▶ [Supplied information]
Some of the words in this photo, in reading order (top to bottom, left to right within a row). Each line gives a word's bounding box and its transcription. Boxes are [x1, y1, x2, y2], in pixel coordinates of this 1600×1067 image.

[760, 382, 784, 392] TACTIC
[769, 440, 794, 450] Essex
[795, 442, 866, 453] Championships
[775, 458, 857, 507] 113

▶ [What the task asks] Write the data out again. Match it exactly.

▶ [Task answer]
Some of the words in this photo, in reading order (top to bottom, left to right within a row). Each line gives a word's bounding box and its transcription. Boxes are [x1, y1, x2, y2], in pixel coordinates of this 1600×1067 image.

[760, 382, 784, 392] TACTIC
[769, 440, 794, 450] Essex
[795, 442, 866, 453] Championships
[775, 458, 857, 507] 113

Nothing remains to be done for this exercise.